Anyway, Linux let me get in touch with my dad. The short story is (if you want long walls of text, read my bit on the TV license, or any of the recent posts on my other blog), basically my dad had been sending emails from a semi-defunct email address. It could send, but not receive. So my replies were being blackholed.

Now, I don’t know about you, but the thought of my parents thinking I’ve cut off communication with them while I’m alone in a strange country was enough to make getting back in touch important. I should point out that while only one email address of his was defunct, I didn’t know that at this stage. So, email is cut off – what do I use? Phone. Tried a few times, but it went to answerphone each time. My mum likes to talk to a good friend of hers a lot – the line can be occupied for hours. I managed to exhaust my PAYG phone credit in this manner. Even phoning someone else back home didn’t work.

Right. Mail – out. Phone – out. So, what did I do? SSH into my dad’s machine, install tightvncsever, telnet into the router, add a port forwarding rule (after unsuccessfully trying to convince the webmin page to authenticate remotely), VNC in, type a message in gedit. Done!

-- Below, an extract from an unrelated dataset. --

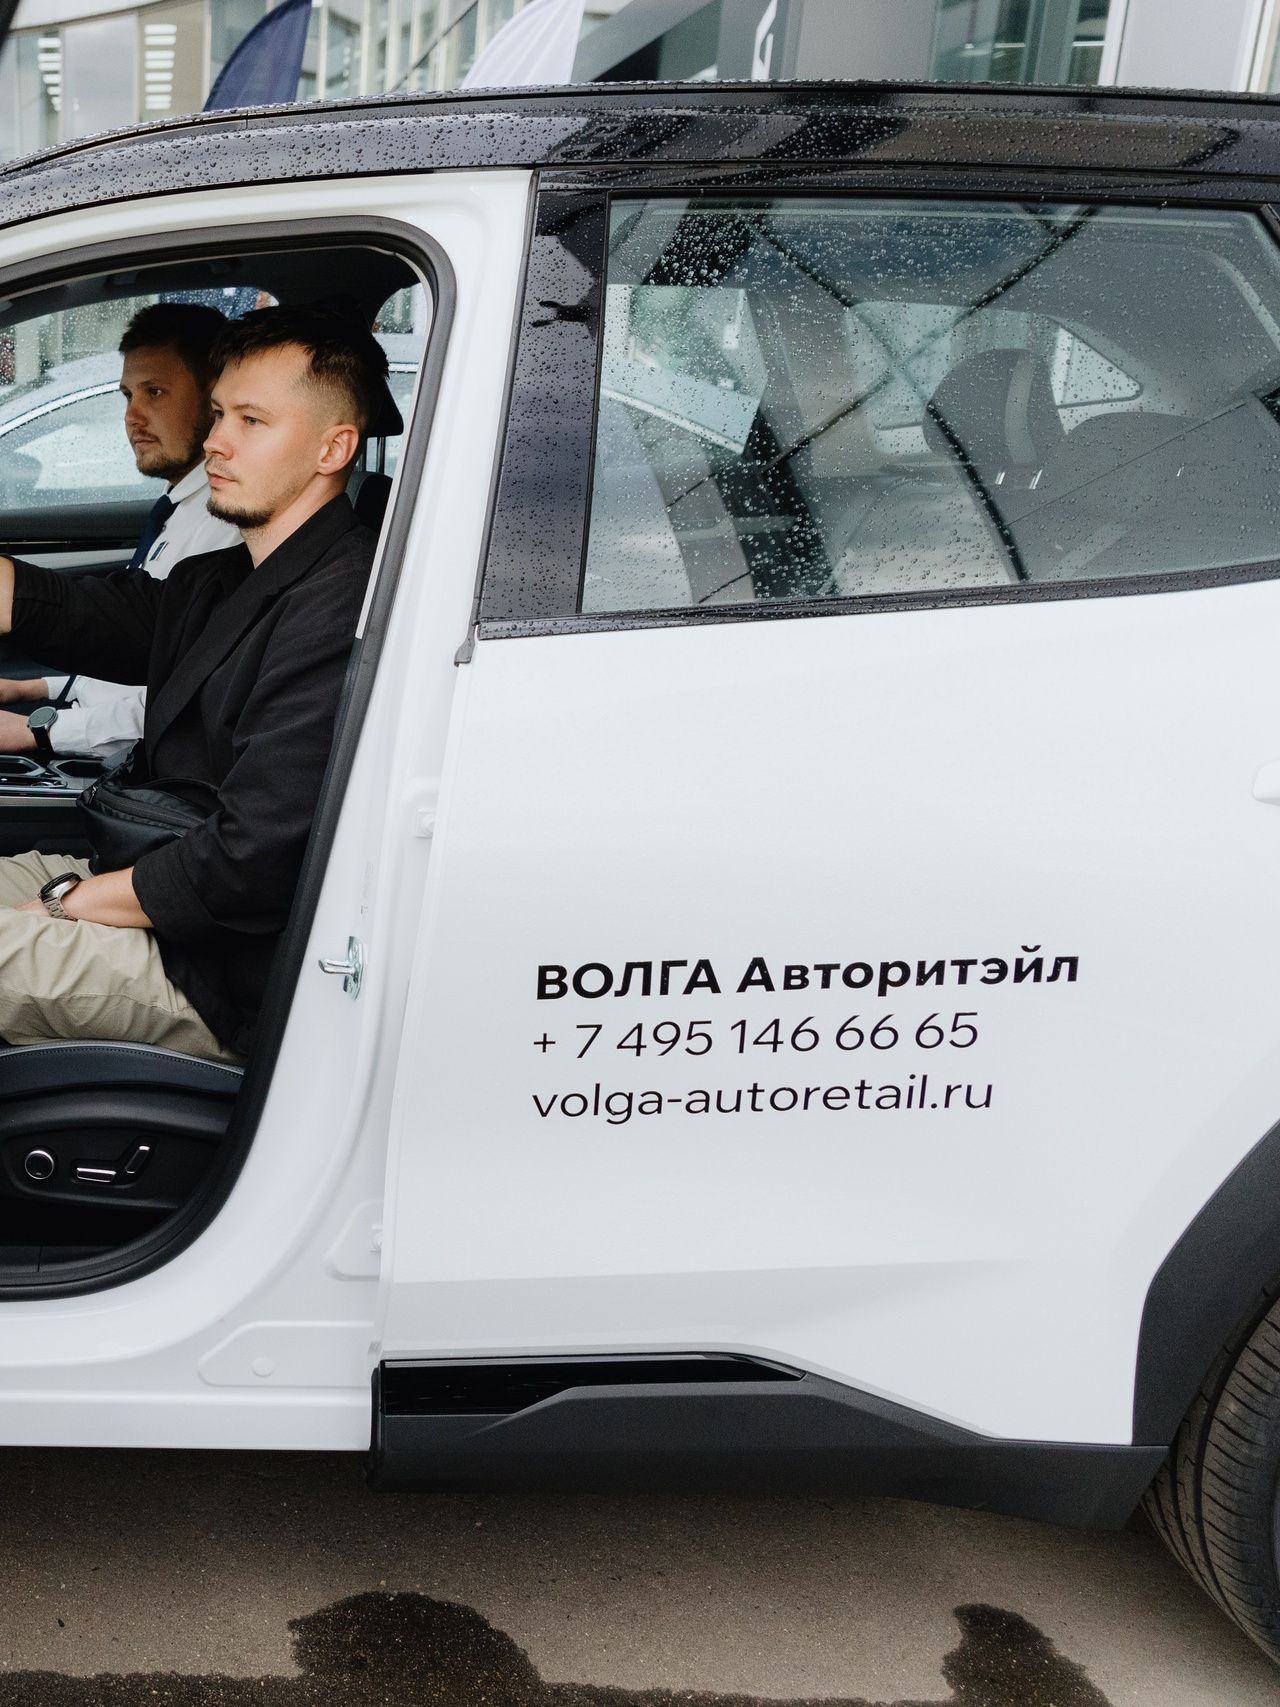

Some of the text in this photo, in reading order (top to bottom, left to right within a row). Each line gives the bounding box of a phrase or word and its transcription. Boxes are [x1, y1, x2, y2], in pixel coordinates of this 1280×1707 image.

[536, 944, 1079, 1000] ВОЛГА Авторитэйл
[533, 1012, 978, 1059] + 7 495 146 66 65
[532, 1074, 993, 1125] volga-autoretail.ru

For bonus points, I sorted the mail client out to use a working address, resent the emails that were lost to some hungry /dev/null somewhere, then verified their arrival.

Note: I’m not trying to claim this is a special use of Linux, in fact it’s pretty mundane, but to be able to get in touch over several hundred miles thanks to knowing how to go about things? Priceless.

Addendum – example code for setting up VNC port forwarding via telnet on my router, a SpeedTouch 585.

nat mapadd intf=RoutedEthoA type=napt outside_addr= ins
ide_addr= protocol=tcp outside_port=5900 inside_port=5900 mode=auto

Replace with the internal IP, and the ports with whatever port you chose to run VNC on, and you’re good to go.